Adults often feel the need to educate children with the material of their own choosing. While we encourage classroom creativity in in the forms of painting and writing stories, we rarely push kids to apply their insight and vision to the workings of the world at large. Luckily, Design for Change is working to turn traditional teaching approaches on their heads. As their website says, “Design for Change equips children with the tools to be aware of the world around them, believe that they play a role in shaping that world, and take action toward a more desirable, sustainable future.”
Design for Change works tirelessly to empower young generations, encouraging them to embrace an “I can” philosophy. The nonprofit says it shares “a simple four-step design process of Feel-Imagine-Do-Share, which develops the values of empathy, ethics, engagement, and elevation.” It’s a fun way to make creativity both practical and educational while enabling children to take a closer look at their communities.
The organization’s founder, Kiran Bir Sethi, explains that “Design for Change was born out of the conviction that children are not helpless, the optimism that change is possible, and the belief that they can drive it.” Design for Change started in India in 2009 but has quickly become a global institution. Children from any country in the world can upload and share their stories and projects, allowing them to learn about other cultures and find some common ground with their international peers.
One group’s clever project outlined a solution for improving a school bathroom without a roof. Five children from Tamil Nadu got together and decided to fix the problem by making their own roof out of plastic bottles. Thanks to their efforts, the bathroom is now waterproof and far more comfortable to use. Plus, the kids found a creative way to use discarded plastic! Talk about a win-win.
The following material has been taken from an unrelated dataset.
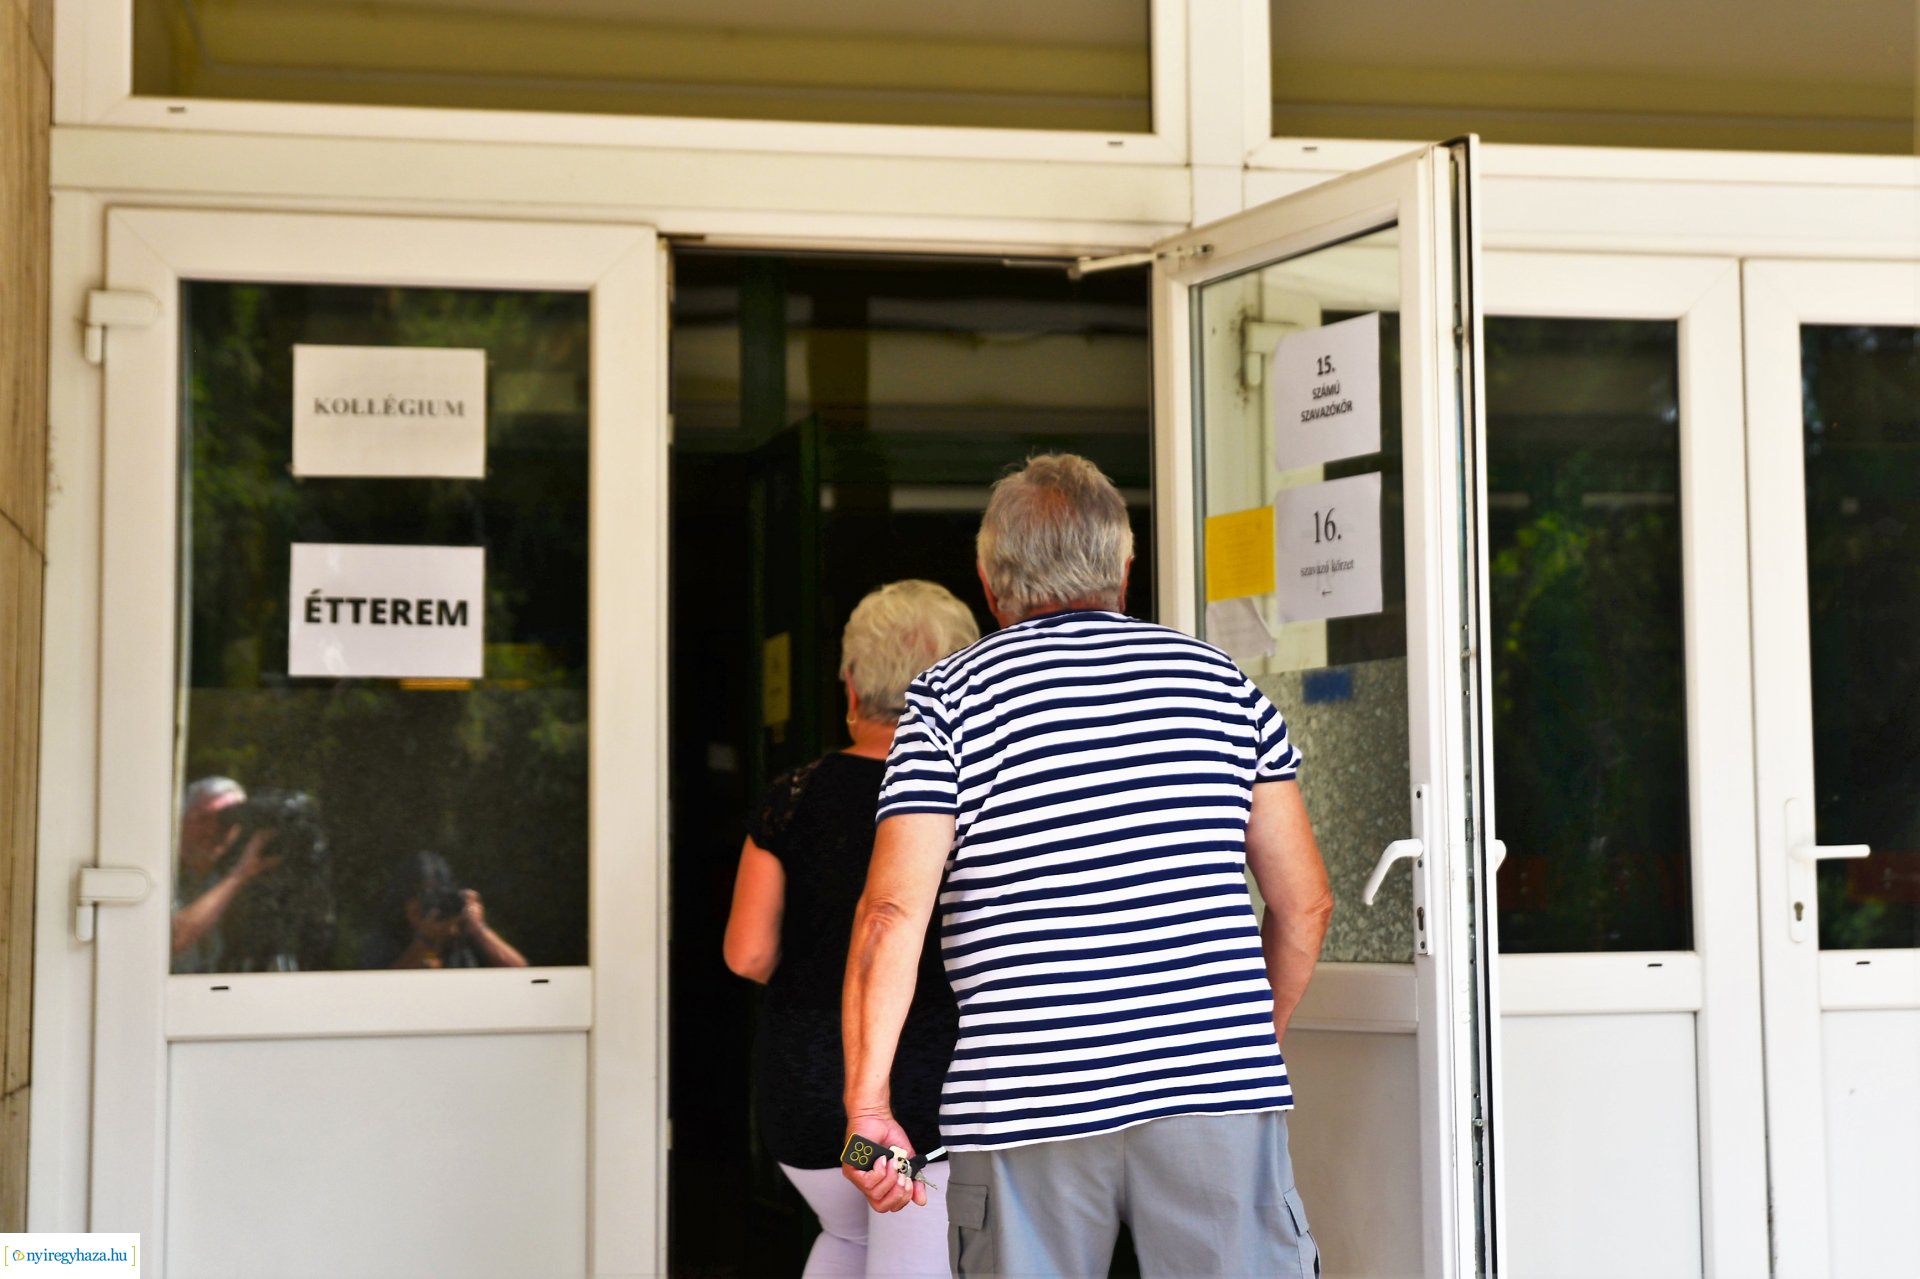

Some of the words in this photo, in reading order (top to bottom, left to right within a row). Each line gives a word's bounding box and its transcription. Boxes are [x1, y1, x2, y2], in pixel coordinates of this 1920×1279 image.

The WOW Project in Singapore took on another issue close to students’ hearts. It all started when a group of children realized that their school’s garbage chutes were emitting a terrible stench. They studied the problem and realized that food scraps were being mixed in with the recyclables. After brainstorming and doing a bit of research, they decided to start an aerobic compost system to more efficiently dispose of food waste and eliminate the unpleasant odor. To make their project even more sustainable, the kids launched a school-wide recycling and reuse program.
Thanks to their composting efforts, the kids were able to start a school garden and sell its produce to their community. Soon after, they expanded their reach by getting their parents and families involved and teaching kindergarten students how to recycle. Eventually, the Singapore Environment Council spread information about the WOW Project to 200 neighboring schools. Since then, the project has been shared all over social media and covered by several news outlets. Tetra Paks Singapore, the manufacturer of the plastic the kids were recycling at their school, even “asked if it could publish the compost-making information as an environment message in the notebooks that are made from recycled Tetra Paks.”
These are just a couple examples of how Design for Change is turning children into problem-solving superheroes and creating a better world.